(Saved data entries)
______________________________
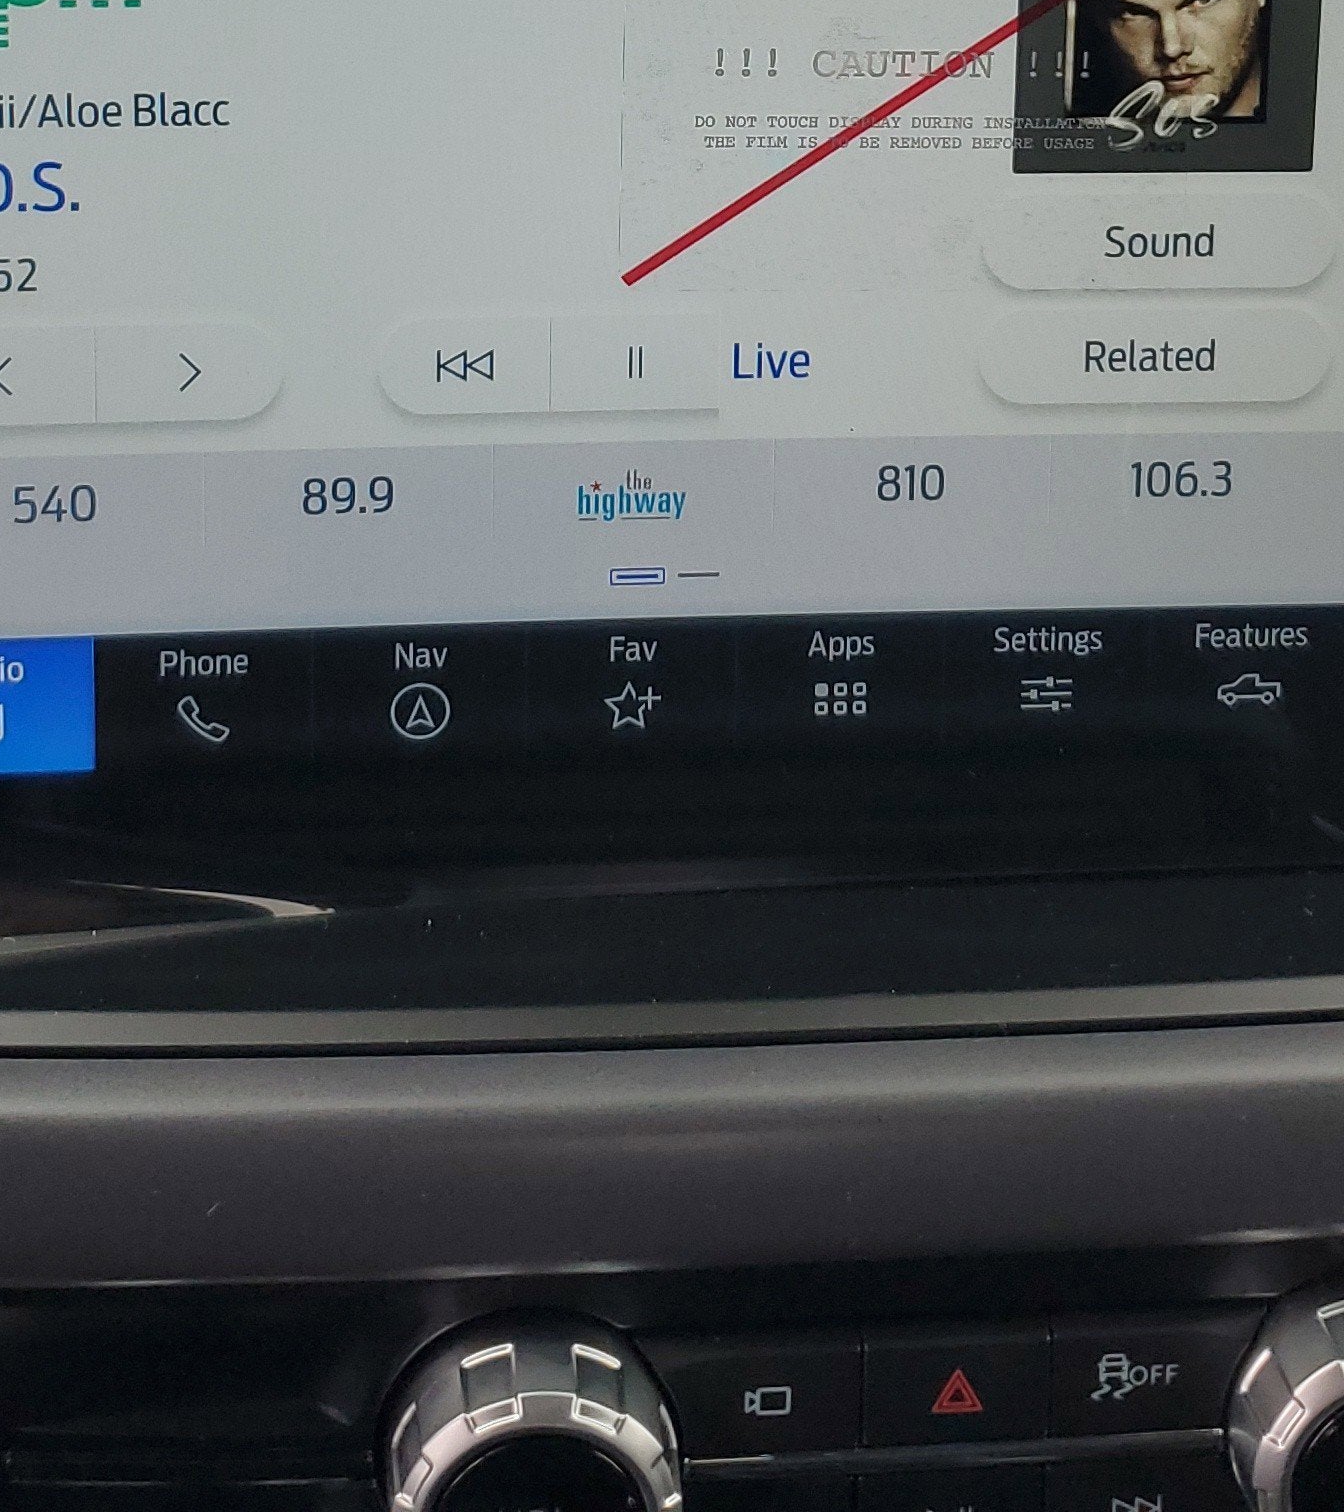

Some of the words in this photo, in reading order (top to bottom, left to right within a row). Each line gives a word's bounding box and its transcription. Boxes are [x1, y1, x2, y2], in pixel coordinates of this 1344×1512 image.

[812, 50, 996, 79] CAUTION
[132, 92, 231, 128] Blacc
[695, 115, 716, 128] DO
[725, 115, 757, 128] NOT
[767, 115, 819, 129] TOUCH
[829, 116, 902, 129] DISPLAY
[910, 116, 974, 129] DURING
[983, 116, 1108, 130] INSTALLATION
[704, 136, 736, 149] THE
[745, 136, 789, 149] FILM
[797, 136, 818, 149] IS
[859, 137, 881, 149] BE
[890, 137, 962, 149] REMOVED
[972, 137, 1033, 149] BEFORE
[1043, 137, 1095, 149] USAGE
[1104, 224, 1216, 258] Sound
[732, 342, 811, 380] Live
[1083, 338, 1217, 374] Related
[626, 469, 652, 491] the
[876, 464, 945, 502] 810
[1130, 460, 1234, 499] 106.3
[12, 483, 98, 525] 540
[301, 475, 395, 516] 89.9
[577, 485, 687, 522] highway
[609, 635, 658, 663] Fav
[808, 630, 876, 662] Apps
[993, 624, 1104, 655] Settings
[1194, 622, 1309, 650] Features
[159, 649, 249, 678] Phone
[394, 642, 448, 671] Nav
[1129, 1363, 1179, 1386] OFF
______________________________
Every entry must be reproduced exactly, with the images left out.

● EXERCISE ANSWER
Some of the words in this photo, in reading order (top to bottom, left to right within a row). Each line gives a word's bounding box and its transcription. Boxes are [x1, y1, x2, y2], in pixel coordinates of this 1344×1512 image.

[812, 50, 996, 79] CAUTION
[132, 92, 231, 128] Blacc
[695, 115, 716, 128] DO
[725, 115, 757, 128] NOT
[767, 115, 819, 129] TOUCH
[829, 116, 902, 129] DISPLAY
[910, 116, 974, 129] DURING
[983, 116, 1108, 130] INSTALLATION
[704, 136, 736, 149] THE
[745, 136, 789, 149] FILM
[797, 136, 818, 149] IS
[859, 137, 881, 149] BE
[890, 137, 962, 149] REMOVED
[972, 137, 1033, 149] BEFORE
[1043, 137, 1095, 149] USAGE
[1104, 224, 1216, 258] Sound
[732, 342, 811, 380] Live
[1083, 338, 1217, 374] Related
[626, 469, 652, 491] the
[876, 464, 945, 502] 810
[1130, 460, 1234, 499] 106.3
[12, 483, 98, 525] 540
[301, 475, 395, 516] 89.9
[577, 485, 687, 522] highway
[609, 635, 658, 663] Fav
[808, 630, 876, 662] Apps
[993, 624, 1104, 655] Settings
[1194, 622, 1309, 650] Features
[159, 649, 249, 678] Phone
[394, 642, 448, 671] Nav
[1129, 1363, 1179, 1386] OFF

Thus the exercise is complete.